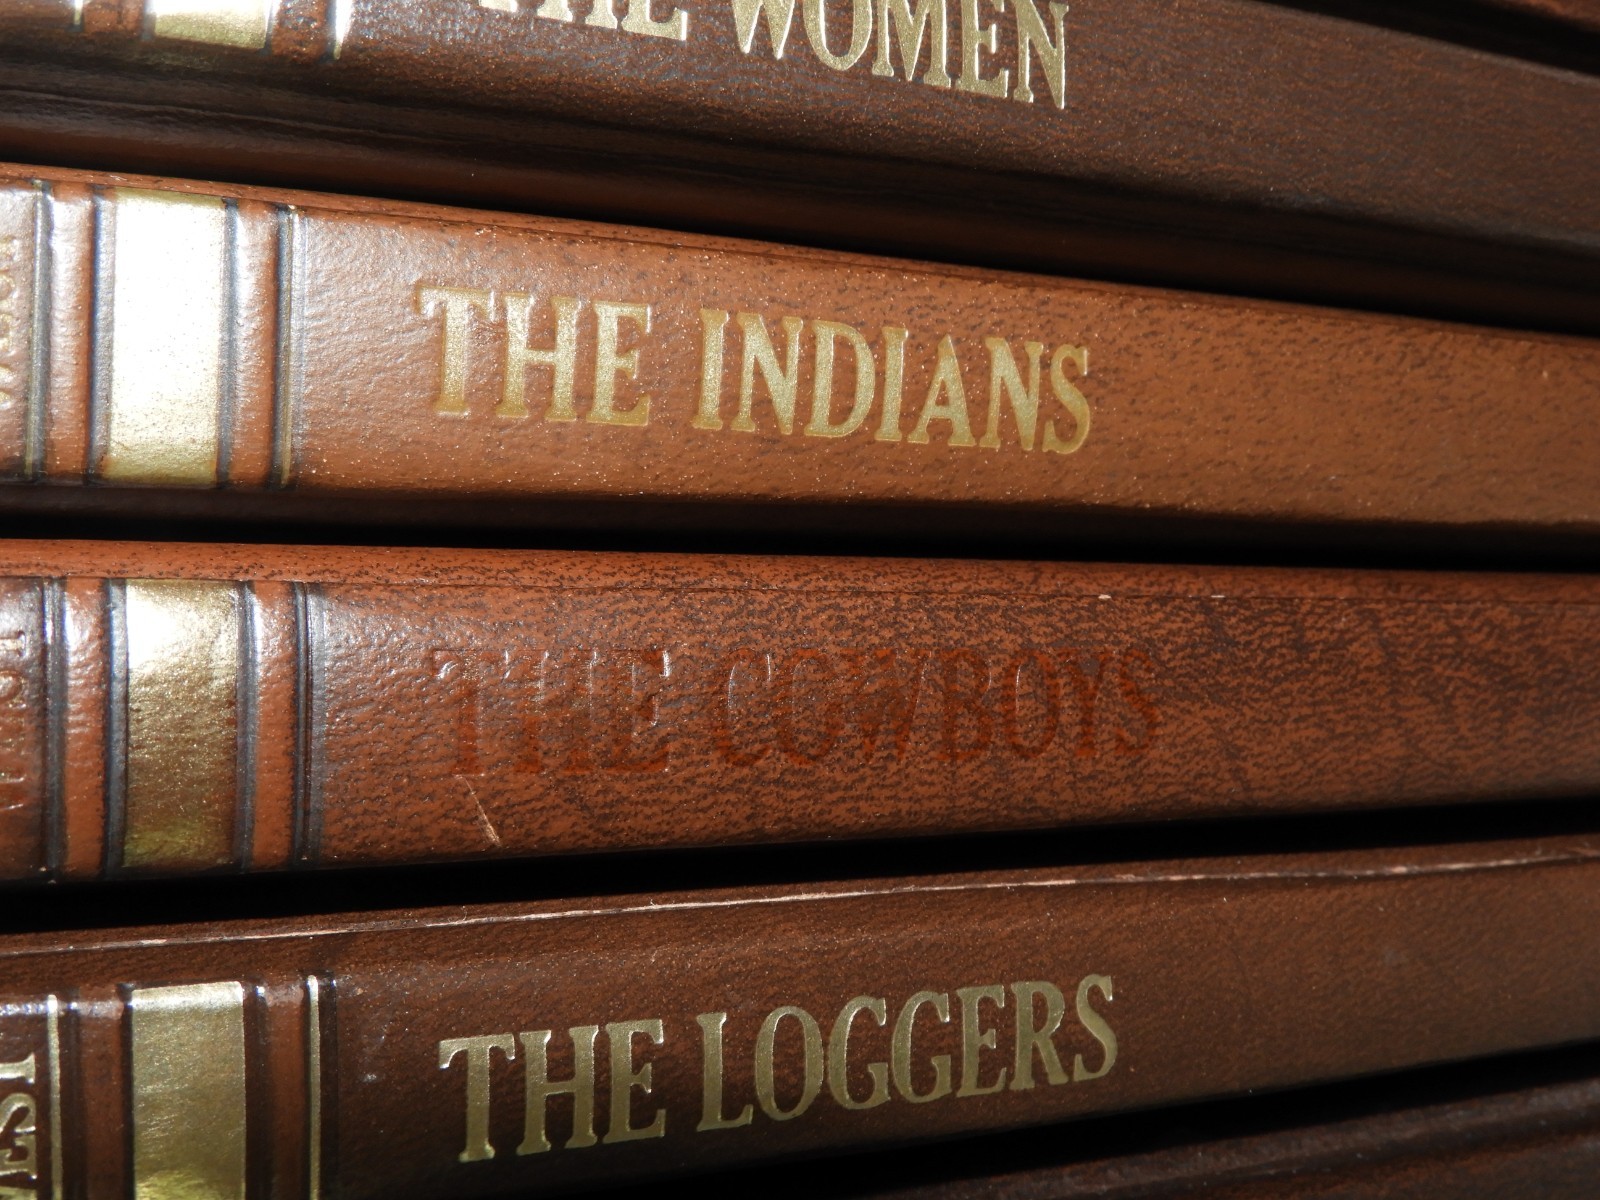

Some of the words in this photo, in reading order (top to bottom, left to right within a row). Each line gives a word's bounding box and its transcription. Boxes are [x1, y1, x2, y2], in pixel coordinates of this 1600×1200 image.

[415, 283, 652, 427] THE
[691, 308, 1092, 455] INDIANS
[430, 648, 671, 777] THE
[711, 646, 1159, 767] COWBOYS
[438, 1018, 665, 1162] THE
[696, 974, 1119, 1133] LOGGERS
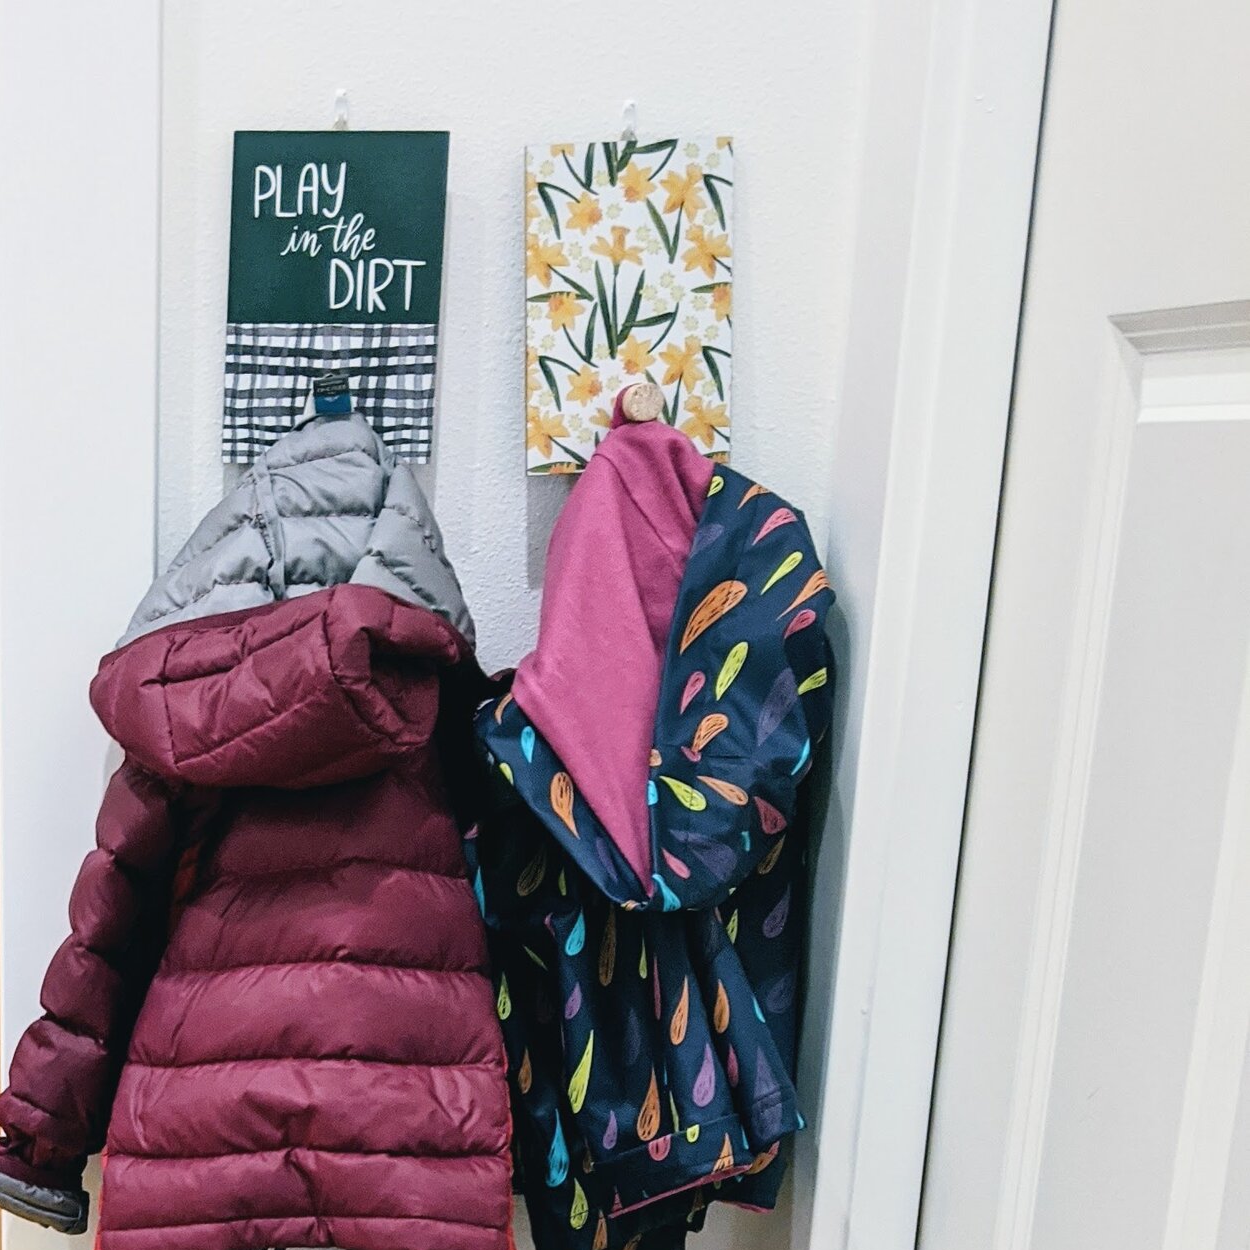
*****
Could the entries above be written out word for word, with no pictures?

— Output of the exercise —
Some of the words in this photo, in reading order (top to bottom, left to right within a row). Each line gives a word's bounding box and its transcription. Boxes are [x1, y1, x2, y2], in pixel coordinates of this 1600×1200 image.

[415, 283, 652, 427] THE
[691, 308, 1092, 455] INDIANS
[430, 648, 671, 777] THE
[711, 646, 1159, 767] COWBOYS
[438, 1018, 665, 1162] THE
[696, 974, 1119, 1133] LOGGERS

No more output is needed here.